### Work instruction
In the records below, find the line with "Some of the text" and repeat it and every line after it, exactly, without any pictures.

### Entries supplied
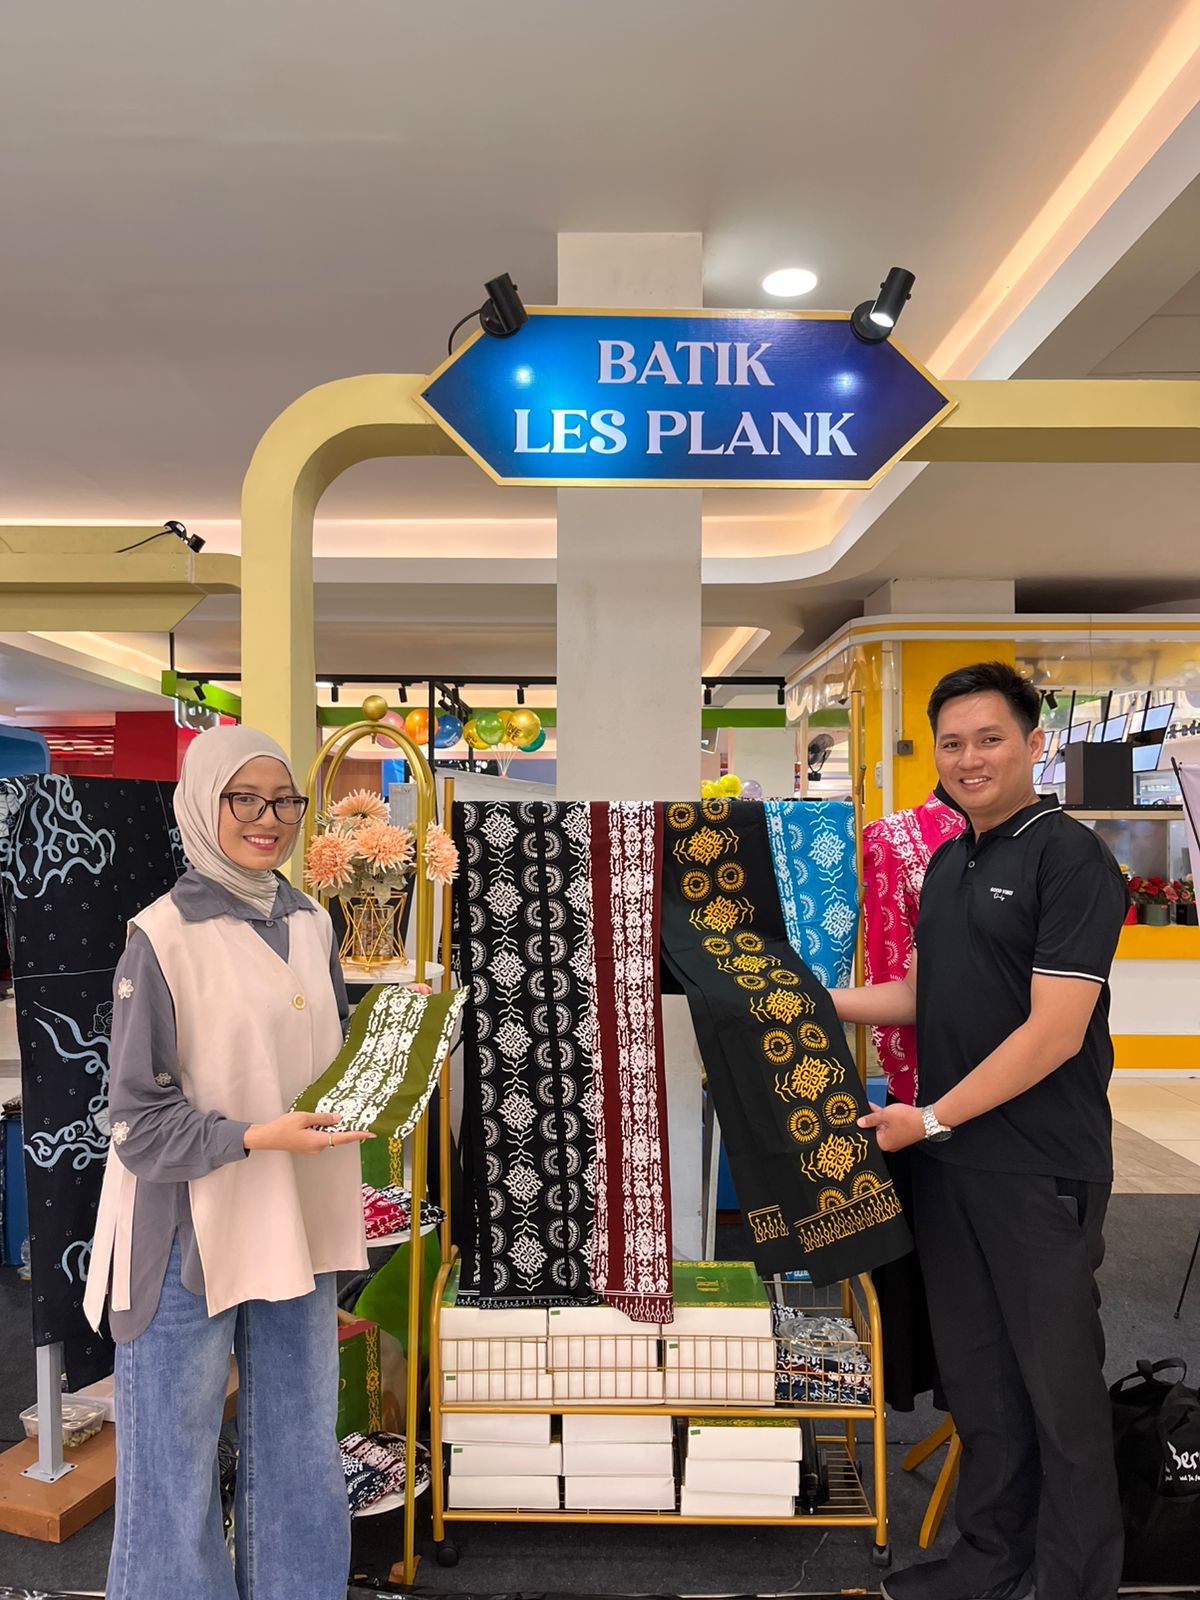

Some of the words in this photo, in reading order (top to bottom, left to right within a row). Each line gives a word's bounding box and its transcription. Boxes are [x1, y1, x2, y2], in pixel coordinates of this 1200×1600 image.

[597, 339, 775, 387] BATIK
[513, 408, 628, 455] LES
[645, 410, 857, 457] PLANK
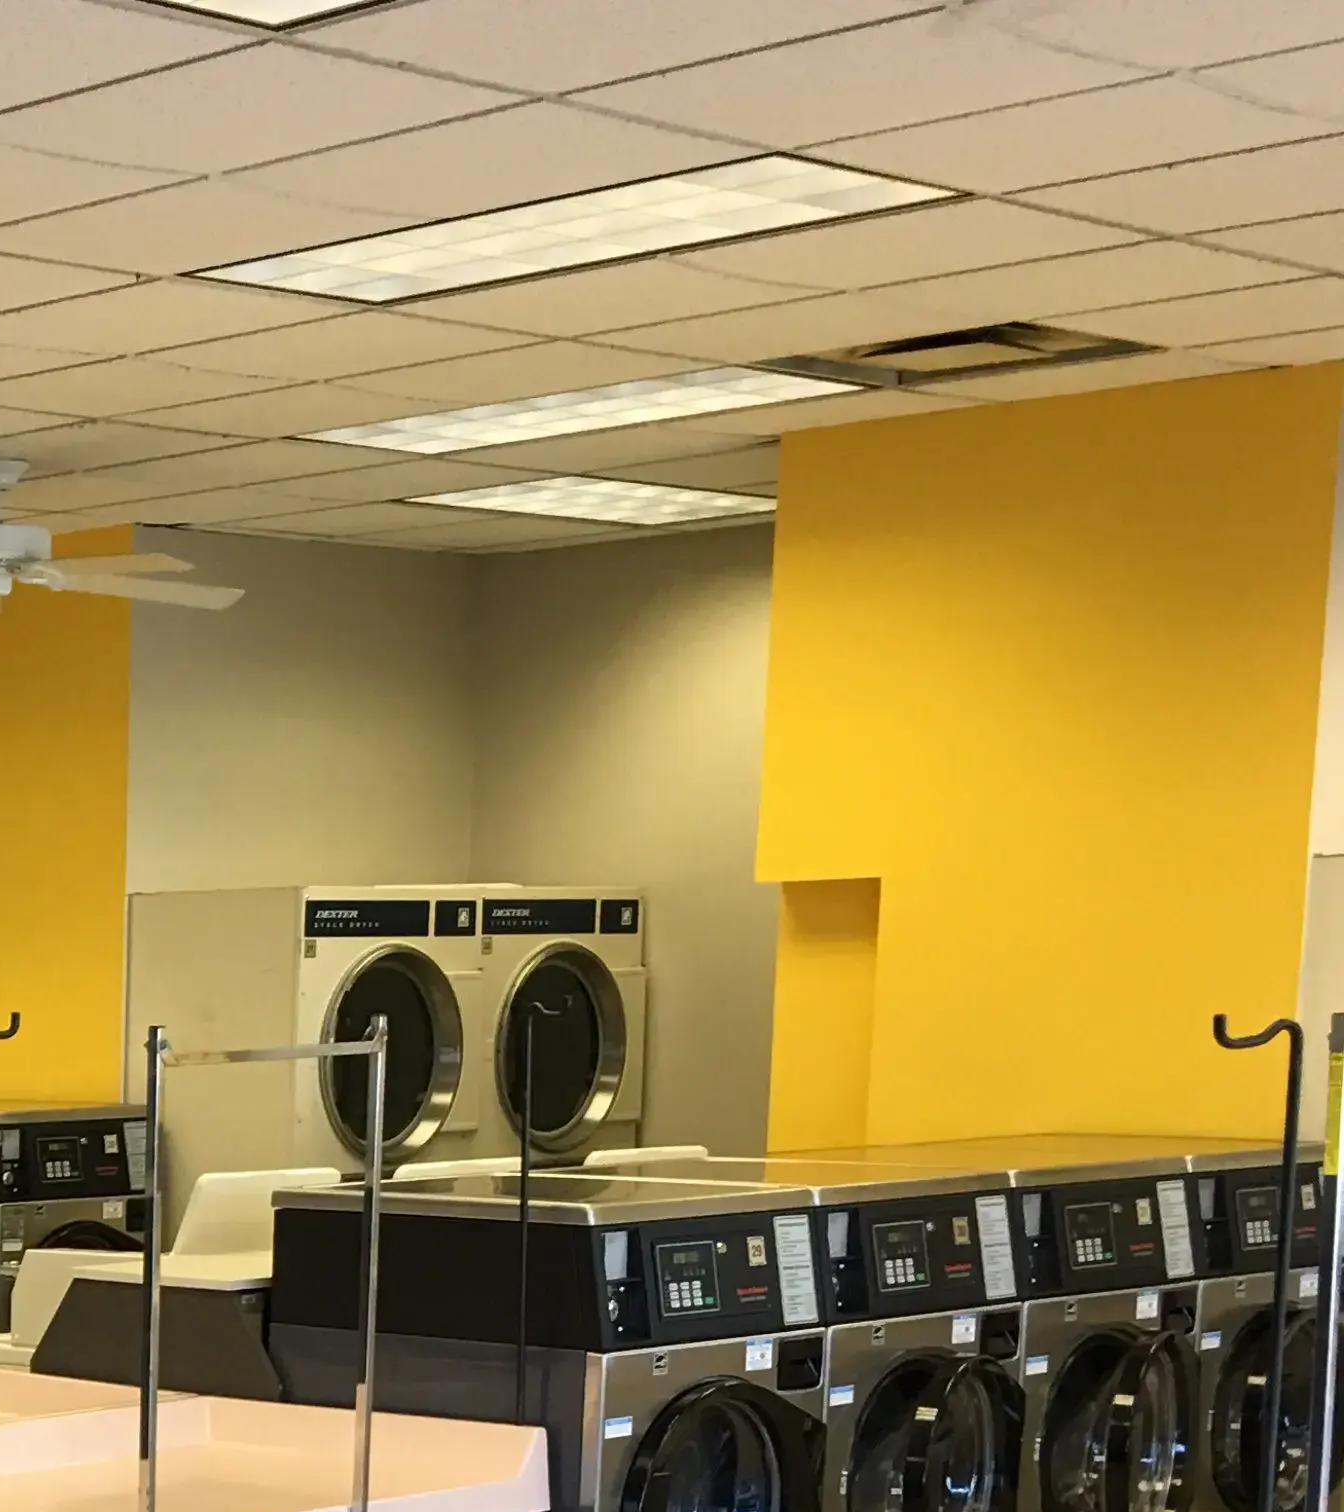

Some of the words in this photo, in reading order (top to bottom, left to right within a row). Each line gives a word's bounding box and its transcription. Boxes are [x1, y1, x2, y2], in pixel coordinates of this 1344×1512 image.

[315, 910, 359, 918] DEXTER
[492, 908, 530, 917] DEXTER
[751, 1244, 763, 1258] 29
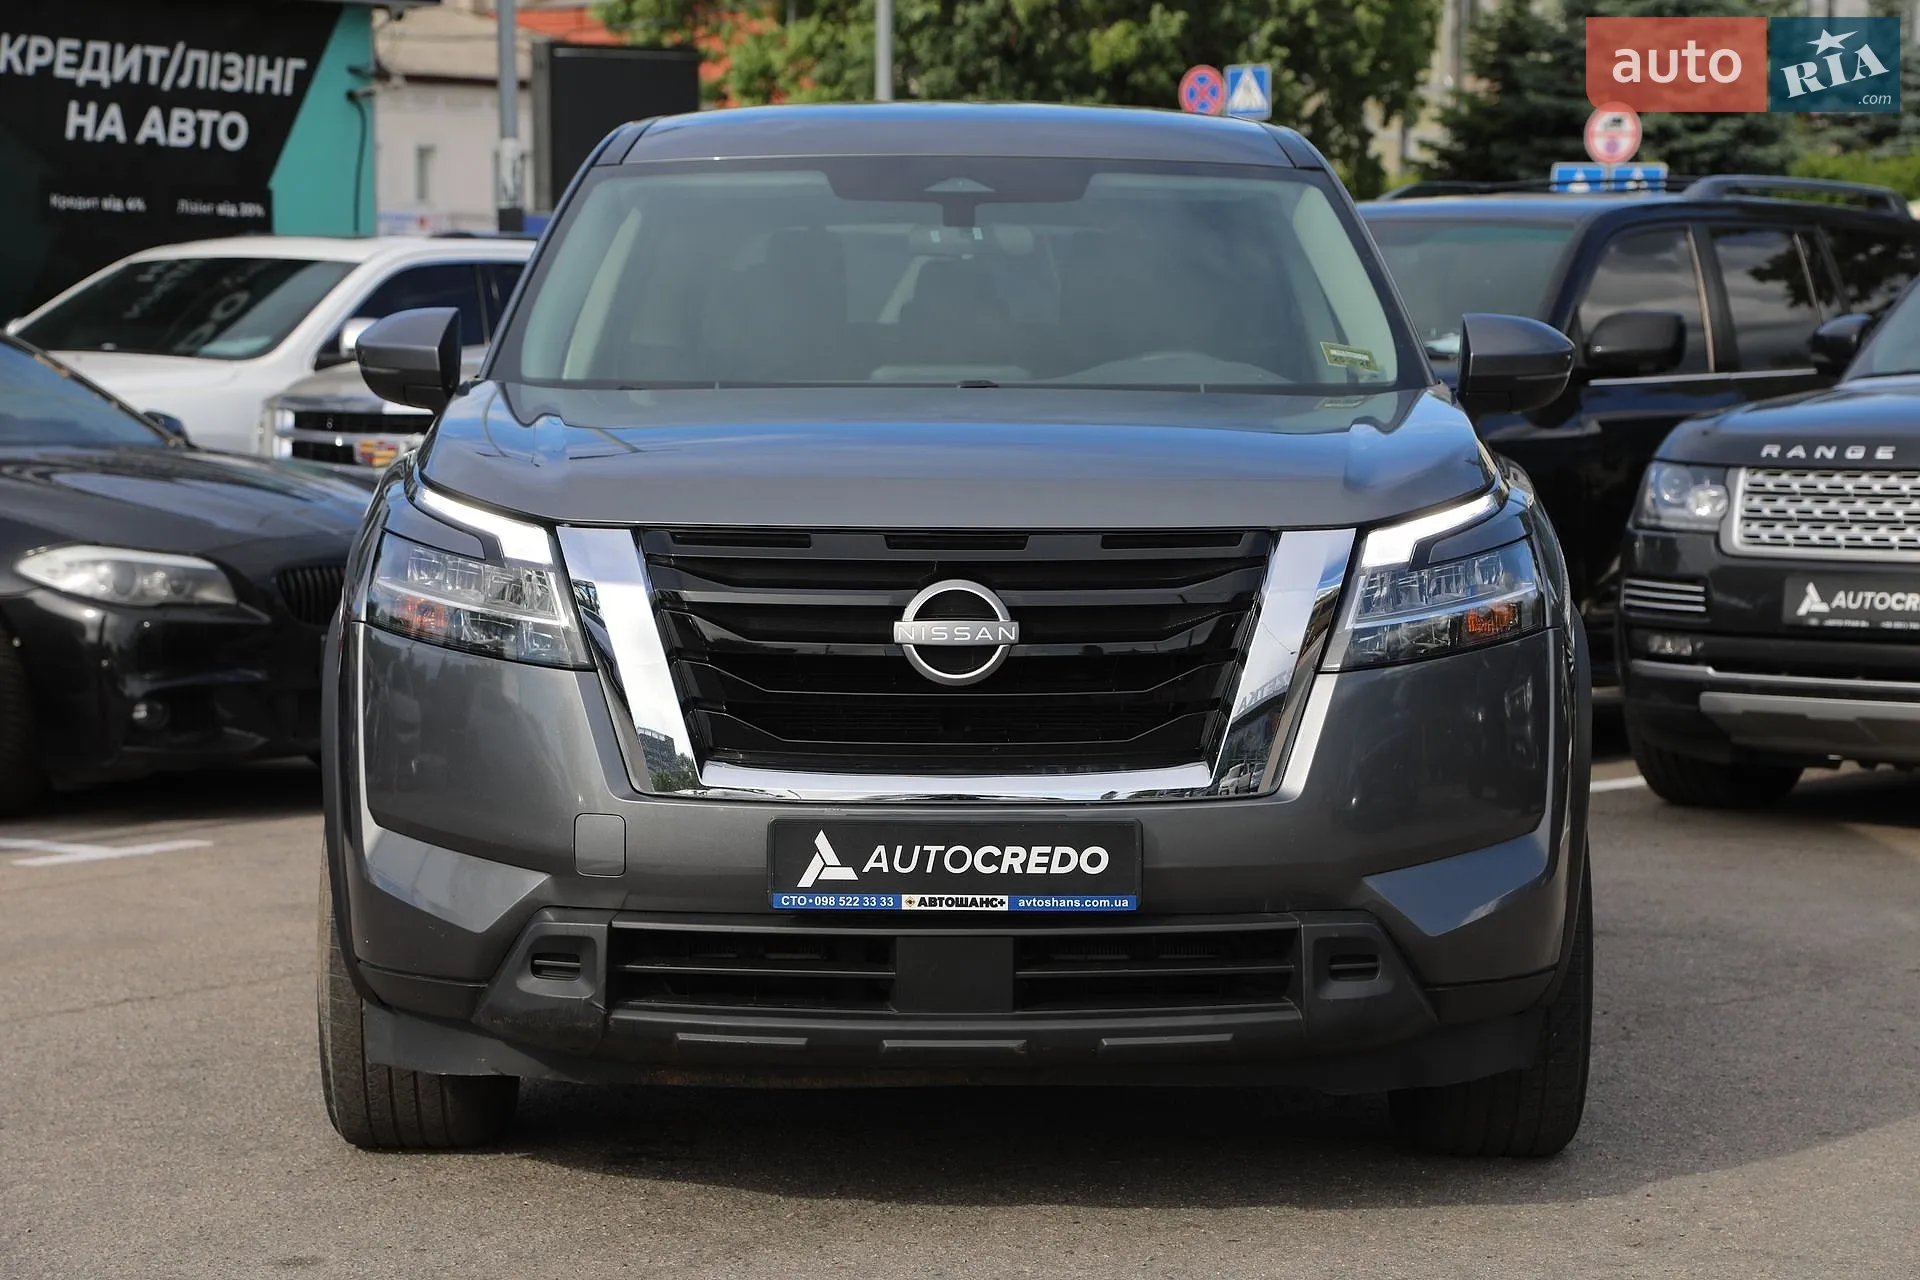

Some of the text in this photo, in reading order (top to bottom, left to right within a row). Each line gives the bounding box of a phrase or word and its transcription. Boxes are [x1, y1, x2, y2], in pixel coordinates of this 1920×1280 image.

[0, 32, 307, 97] КРЕДИТ/ЛІЗІНГ
[64, 99, 250, 152] НА АВТО
[1760, 444, 1896, 460] RANGE
[898, 626, 1016, 641] NISSAN
[862, 844, 1110, 876] AUTOCREDO
[838, 896, 860, 907] 522
[863, 897, 877, 907] 33
[880, 897, 894, 907] 33
[1018, 896, 1129, 908] avtoshans.com.ua
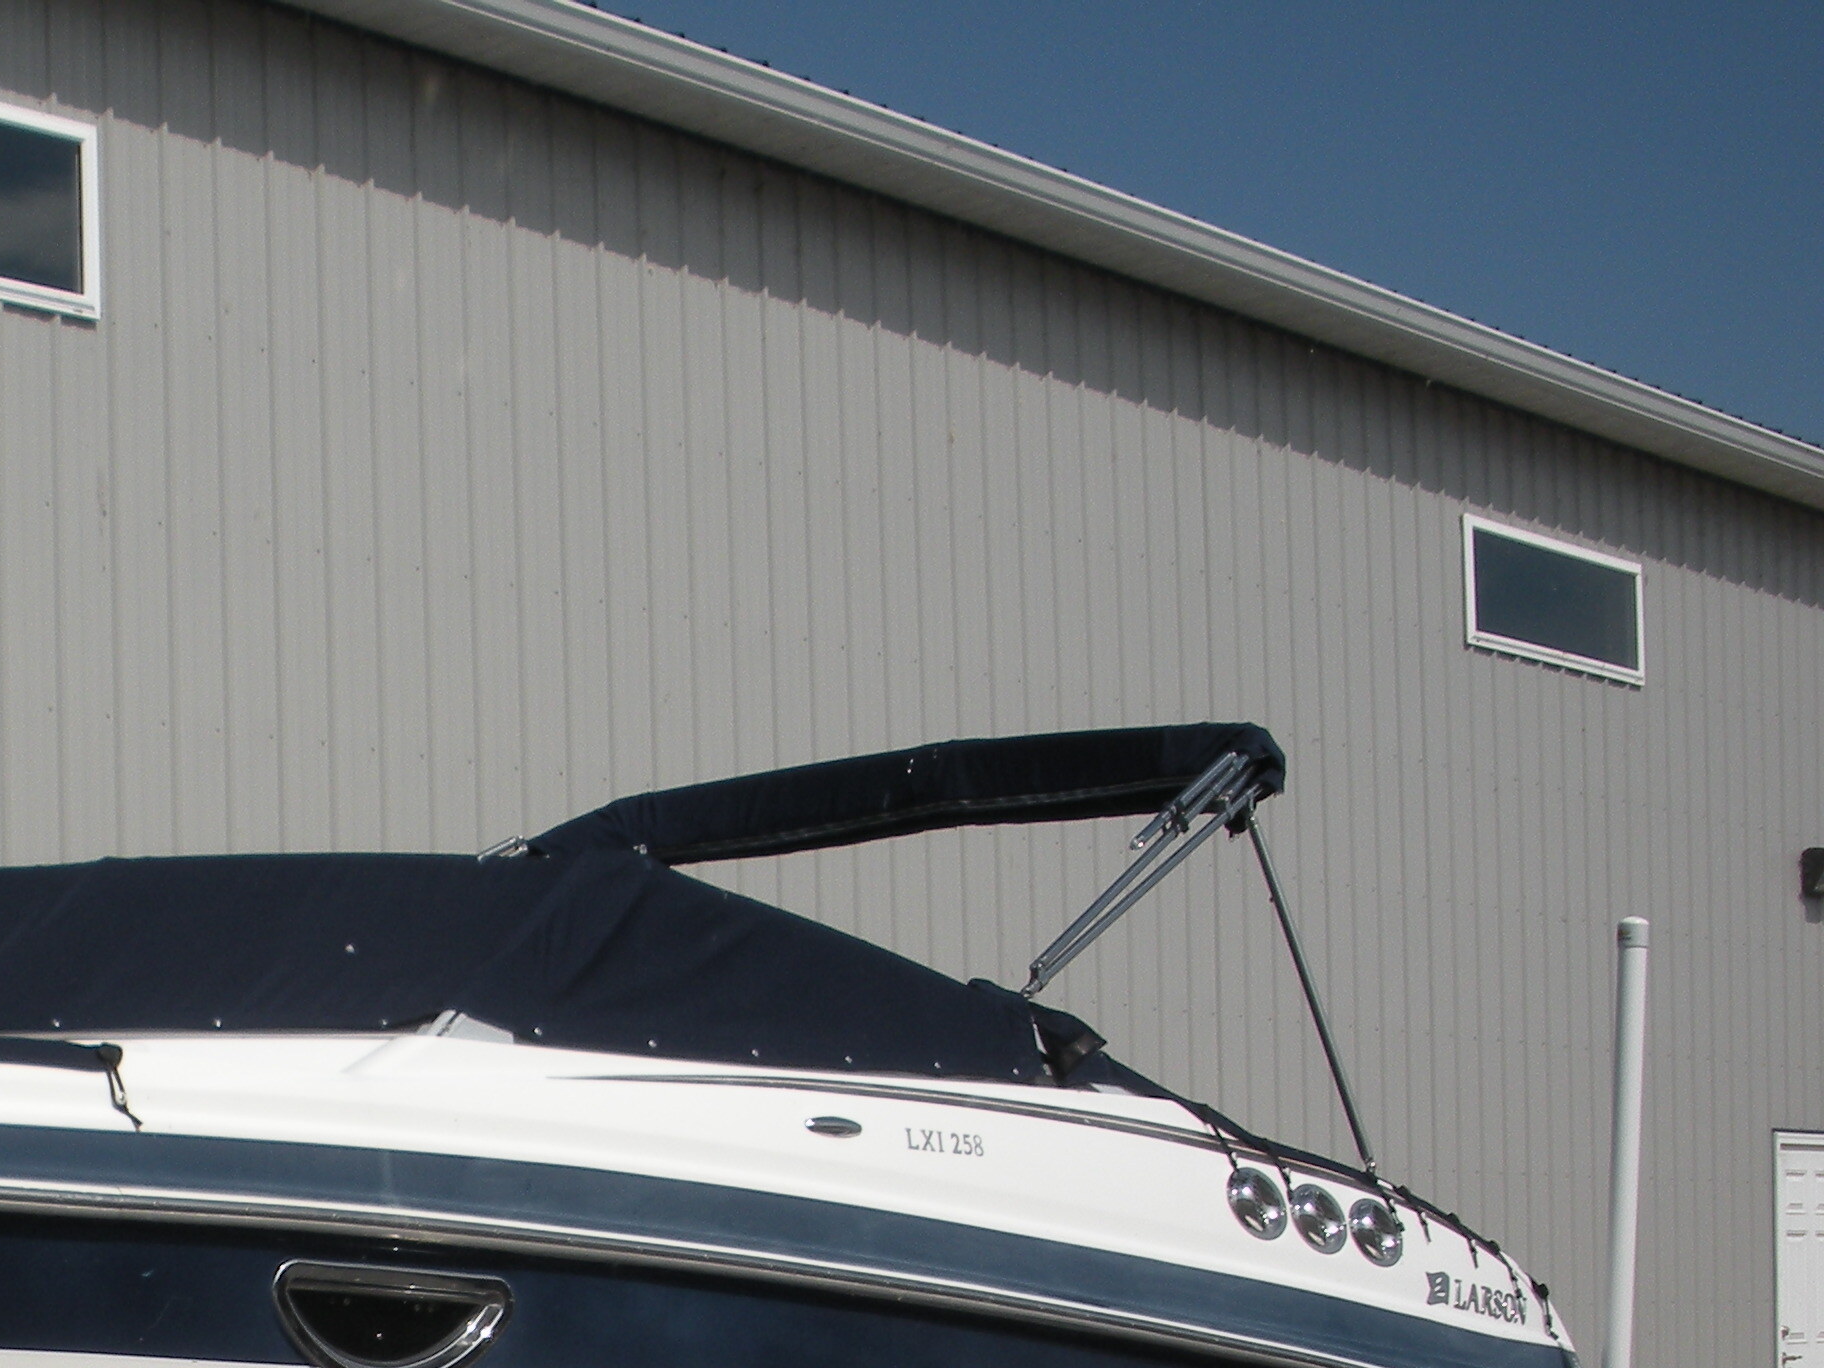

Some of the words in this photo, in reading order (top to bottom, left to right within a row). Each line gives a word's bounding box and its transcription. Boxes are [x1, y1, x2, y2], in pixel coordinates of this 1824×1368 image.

[905, 1128, 945, 1153] LXI
[950, 1132, 985, 1157] 258
[1453, 1279, 1527, 1326] LARSON

### Solution to this task
Some of the text in this photo, in reading order (top to bottom, left to right within a row). Each line gives the bounding box of a phrase or word and its transcription. Boxes are [x1, y1, x2, y2], in pixel coordinates of this 1920×1280 image.

[0, 32, 307, 97] КРЕДИТ/ЛІЗІНГ
[64, 99, 250, 152] НА АВТО
[1760, 444, 1896, 460] RANGE
[898, 626, 1016, 641] NISSAN
[862, 844, 1110, 876] AUTOCREDO
[838, 896, 860, 907] 522
[863, 897, 877, 907] 33
[880, 897, 894, 907] 33
[1018, 896, 1129, 908] avtoshans.com.ua

Some of the words in this photo, in reading order (top to bottom, left to right within a row). Each line gives a word's bounding box and its transcription. Boxes are [x1, y1, x2, y2], in pixel coordinates of this 1824×1368 image.

[905, 1128, 945, 1153] LXI
[950, 1132, 985, 1157] 258
[1453, 1279, 1527, 1326] LARSON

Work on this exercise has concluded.